TALLAHASSEE, Fla. — Just two days after two Florida senators publicly requested an investigation into transparency concerns within Florida’s Department of Health (DOH), the state’s Senate president responded by refusing to get involved.
In a May 29 letter to Sen. Jose Javier Rodriguez (D-Miami), Senate President Bill Galvano stated, “it would be imprudent and premature for the legislature to intervene in the midst of a global pandemic.”
"My goal in this response is not to diminish the importance of the concern you raise, but rather to state my disagreement with the timing and manner of the investigation you have proposed,” Galvano added. “I am confident there will be the appropriate time and interest for a thorough review of Florida’s response to the pandemic, informed by the facts and many lessons learned, to support ideas for future legislation."
Rodriguez disagrees. On May 27, he sent a letter requesting an investigation and for the House of Representatives to create a join select committee to “seek all related information and communications regarding Florida’s COVID-19 data collection.”
“I don’t know why we would delay an investigation into the accuracy of information we need right now,” he said.
Since February, Rodriguez said he has been concerned about the department’s apparent unwillingness to release public health data related to the COVID-19 outbreak.
First, he said, DOH refused to provide aggregate data on the state’s response to the spread of the virus, even when lawmakers asked for the data. DOH was also publicly criticized for not releasing COVID-19 case numbers in specific nursing homes and assisted living facilities.
After several media organizations filed legal action, including our parent company E.W. Scripps, DOH released cases by facility.
DOH was also publicly called out after the Chairman of the Florida Medical Examiner’s Commission said medical examiners were told to stop releasing its list of COVID-19 death cases because the state health department told them not to.
Then last month, former DOH data employee Rebekah Jones claimed she was removed from her post as data chief after she objected to manipulating COVID-19 case numbers to make the state look better as it was planning to reopen, she claimed.
- Calls for investigation after FL Health Dept. accused of ousting data manager for not covering up coronavirus numbers
- Gov. DeSantis lashes out at DOH employee who claims she was asked to censor coronavirus data
“The DeSantis administration’s response to her [Jones] allegations really to me was kind of the last straw here,” said Rodriguez.

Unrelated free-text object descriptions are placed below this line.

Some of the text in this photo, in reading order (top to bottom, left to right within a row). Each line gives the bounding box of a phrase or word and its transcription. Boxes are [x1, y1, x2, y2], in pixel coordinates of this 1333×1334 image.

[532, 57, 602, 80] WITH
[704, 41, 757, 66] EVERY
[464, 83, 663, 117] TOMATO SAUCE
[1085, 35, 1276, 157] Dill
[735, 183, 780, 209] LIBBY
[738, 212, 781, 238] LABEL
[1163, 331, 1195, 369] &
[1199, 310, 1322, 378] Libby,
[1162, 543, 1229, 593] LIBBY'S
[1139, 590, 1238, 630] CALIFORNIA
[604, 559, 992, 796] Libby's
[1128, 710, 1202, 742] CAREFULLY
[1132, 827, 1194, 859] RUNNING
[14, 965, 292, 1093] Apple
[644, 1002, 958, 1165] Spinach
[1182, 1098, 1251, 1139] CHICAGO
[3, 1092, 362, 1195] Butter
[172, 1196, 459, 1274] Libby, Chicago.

A spokesperson for DOH and the governor’s press secretary maintain that Jones was involuntarily dismissed last month due to a pattern of insubordination. The governor’s office has also confirmed it will not be seeking an investigation into DOH.
Jones issued a lengthy statement online but has not responded to our requests for comment.
Newly-obtained records reveal more about Jones, a former graduate assistant at Florida State University.
According to university personnel records, Jones was hired as a graduate assistant teacher in the geography department in 2016 but was let go after an altercation with a former flame who was also described as a former student of hers.
According to university police records, Jones was issued an “indefinite trespass warning for all FSU properties” in 2018 after being accused of changing student grades. The investigation went nowhere due to a lack of evidence.
In an email to us, her former FSU supervisor Dr. James Elsner said, “I had no reason to question her reliability or dependability. She performed well in her classes. Her research was in the very early stages so there were no expectations to speak about."
In May, after Jones went public with her accusations against the DOH, Gov. Ron DeSantis attacked her personally and cited an ongoing criminal case unrelated to Jones’ claims against the DOH.
“He’s taken a decidedly ugly route, I think, and frankly trashing her in public,” said Rodriguez, who said he plans on pushing for an investigation. He’s confident one will happen but when and at what cost remains his concern.
“The most important tool health officials have in fighting this pandemic is the public trust. If we lose that we’re in trouble,” said Rodriguez.